The entries below are to be returned as written, with all pictures dropped.

= Beginning of Section =

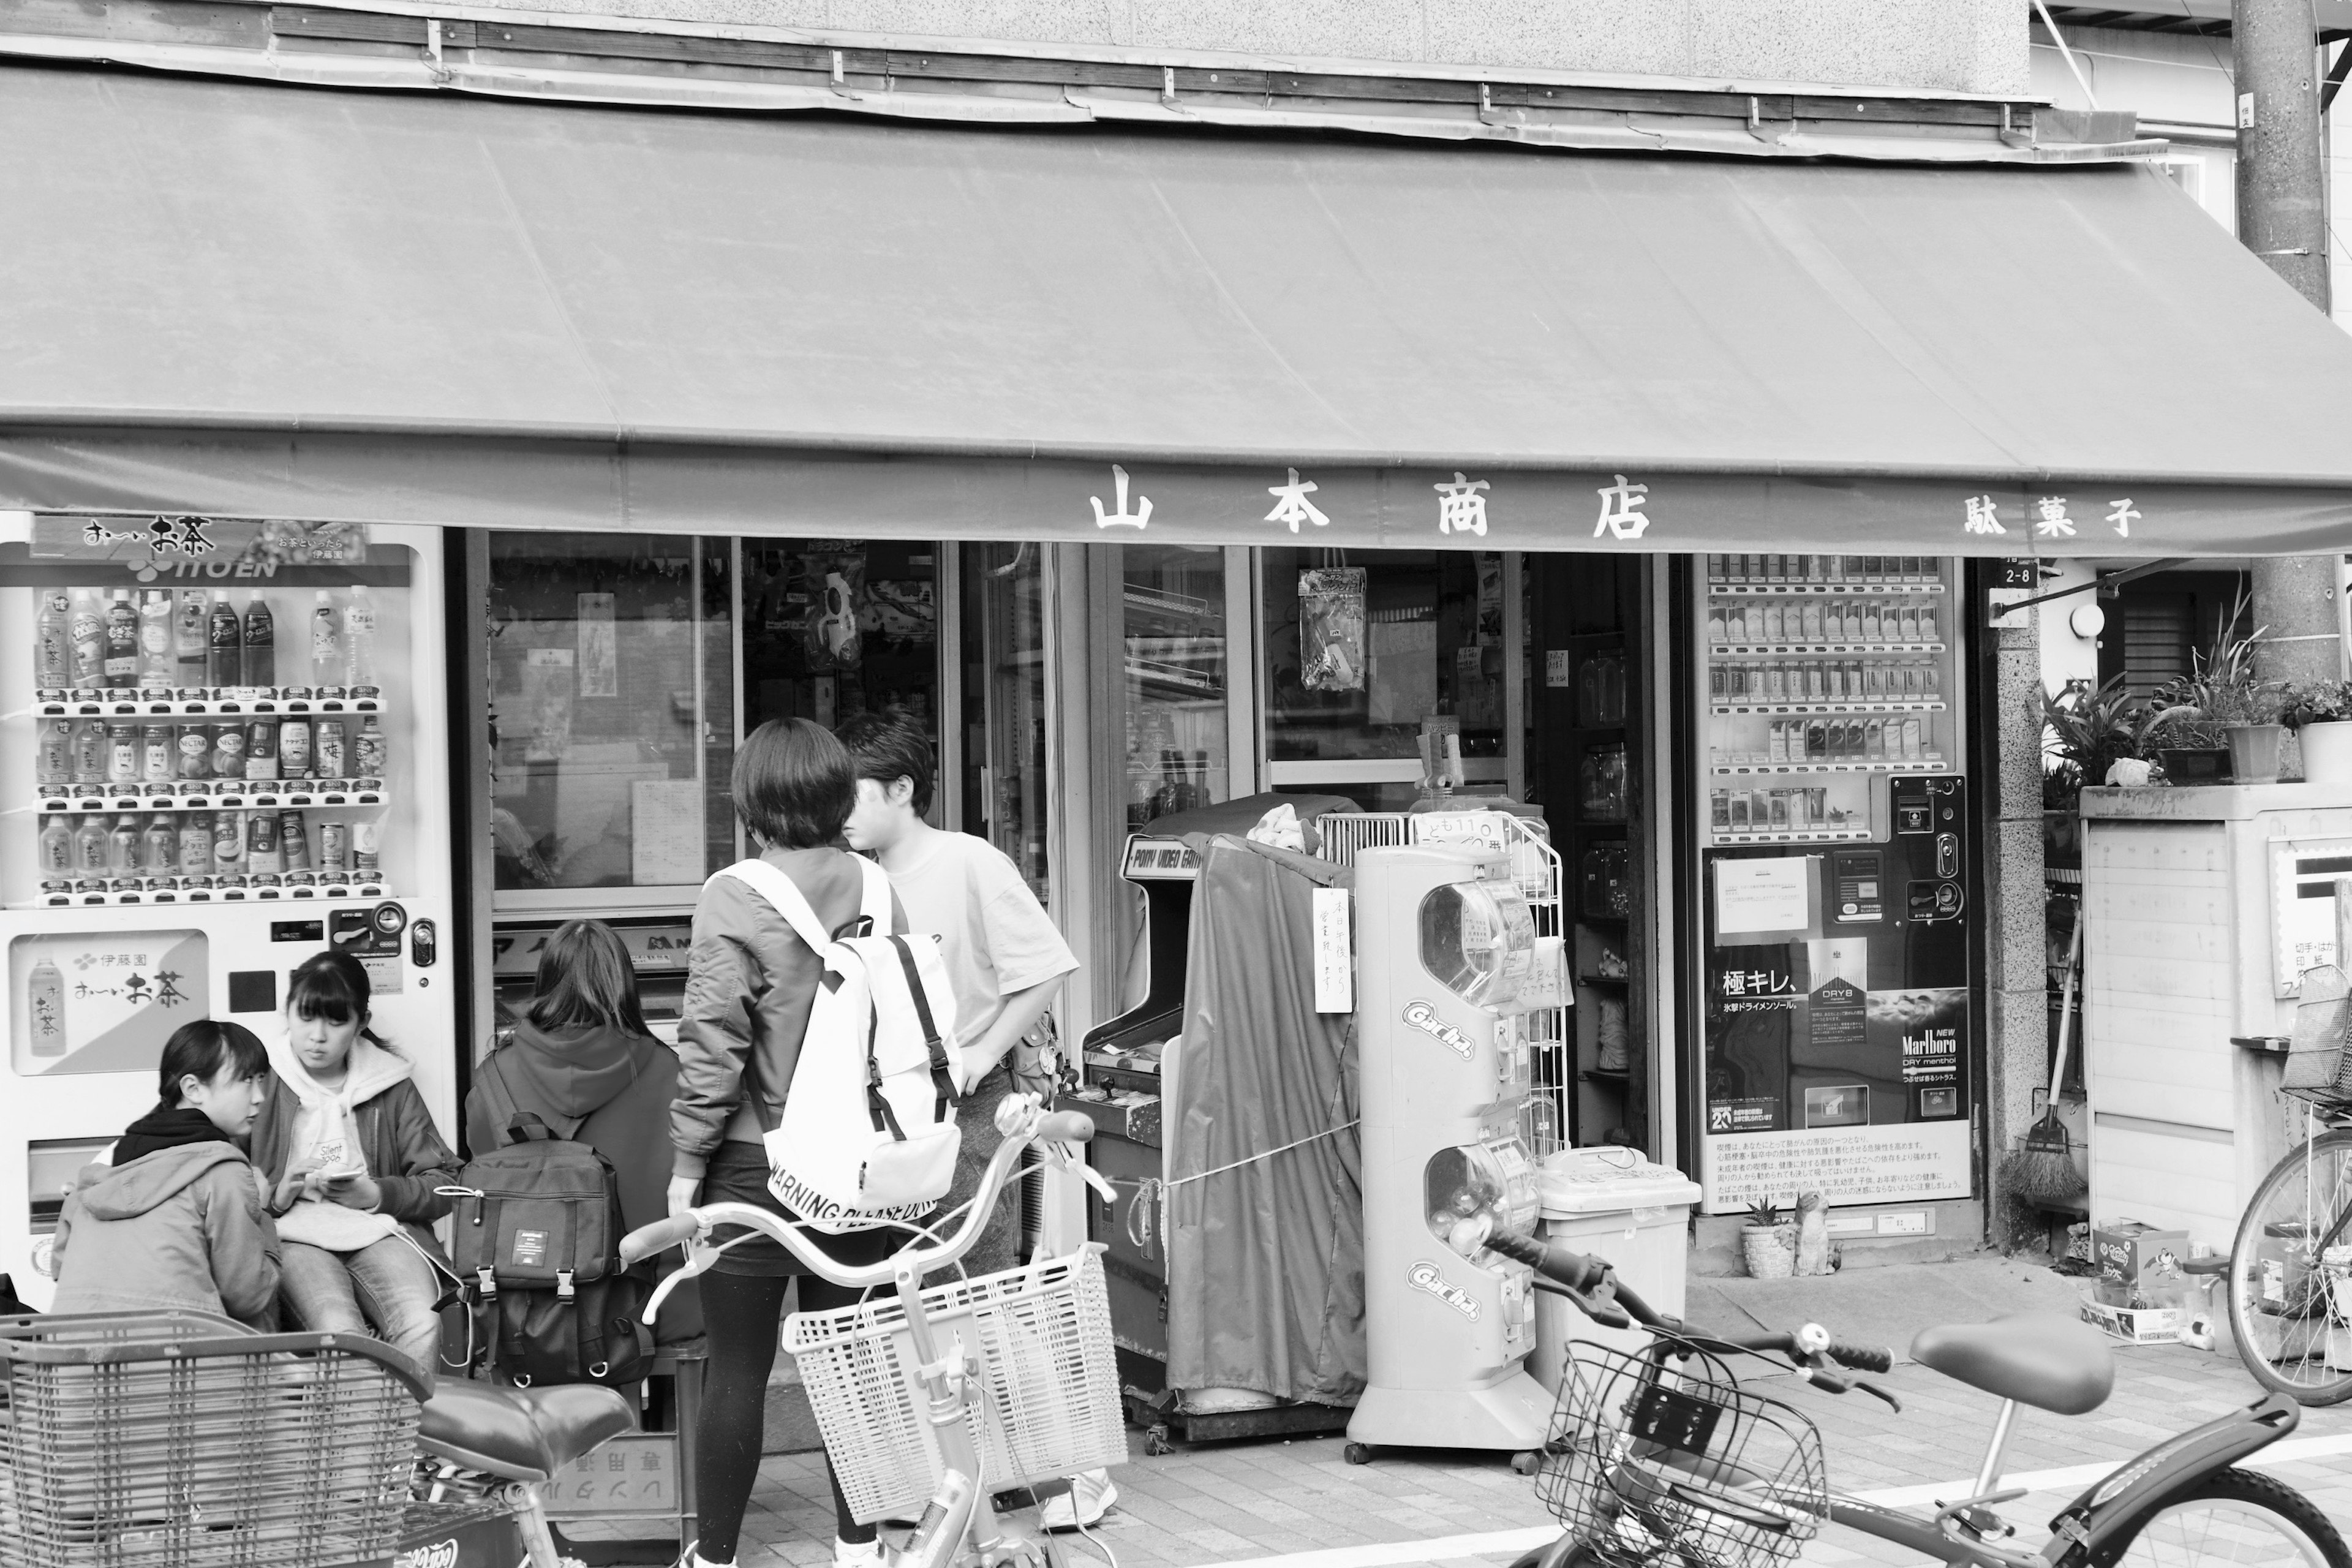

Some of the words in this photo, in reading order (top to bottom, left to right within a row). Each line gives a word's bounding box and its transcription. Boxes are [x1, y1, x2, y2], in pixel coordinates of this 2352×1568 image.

[1090, 464, 1649, 540] 山本商店
[1964, 494, 2141, 537] 駄菓子
[279, 538, 343, 548] お茶といったら
[313, 551, 343, 559] 伊藤園
[235, 562, 276, 578] EN
[2006, 569, 2030, 582] 2-8
[1133, 849, 1156, 868] PONY
[1157, 849, 1181, 868] VIDEO
[1333, 901, 1348, 995] 本日午後から
[100, 954, 146, 967] 伊藤園
[2296, 955, 2323, 967] 印紙
[1723, 970, 1796, 996] 極キレ、
[1724, 1000, 1797, 1012] 氷撃ドライメンソール。
[1902, 1029, 1956, 1055] Marlboro
[1713, 1112, 1732, 1129] 20
[770, 1157, 841, 1221] WARNING
[541, 1480, 662, 1501] レンタル

= End of Section =

RESULT OF THE TASK:
Some of the words in this photo, in reading order (top to bottom, left to right within a row). Each line gives a word's bounding box and its transcription. Boxes are [x1, y1, x2, y2], in pixel coordinates of this 2352×1568 image.

[1090, 464, 1649, 540] 山本商店
[1964, 494, 2141, 537] 駄菓子
[279, 538, 343, 548] お茶といったら
[313, 551, 343, 559] 伊藤園
[235, 562, 276, 578] EN
[2006, 569, 2030, 582] 2-8
[1133, 849, 1156, 868] PONY
[1157, 849, 1181, 868] VIDEO
[1333, 901, 1348, 995] 本日午後から
[100, 954, 146, 967] 伊藤園
[2296, 955, 2323, 967] 印紙
[1723, 970, 1796, 996] 極キレ、
[1724, 1000, 1797, 1012] 氷撃ドライメンソール。
[1902, 1029, 1956, 1055] Marlboro
[1713, 1112, 1732, 1129] 20
[770, 1157, 841, 1221] WARNING
[541, 1480, 662, 1501] レンタル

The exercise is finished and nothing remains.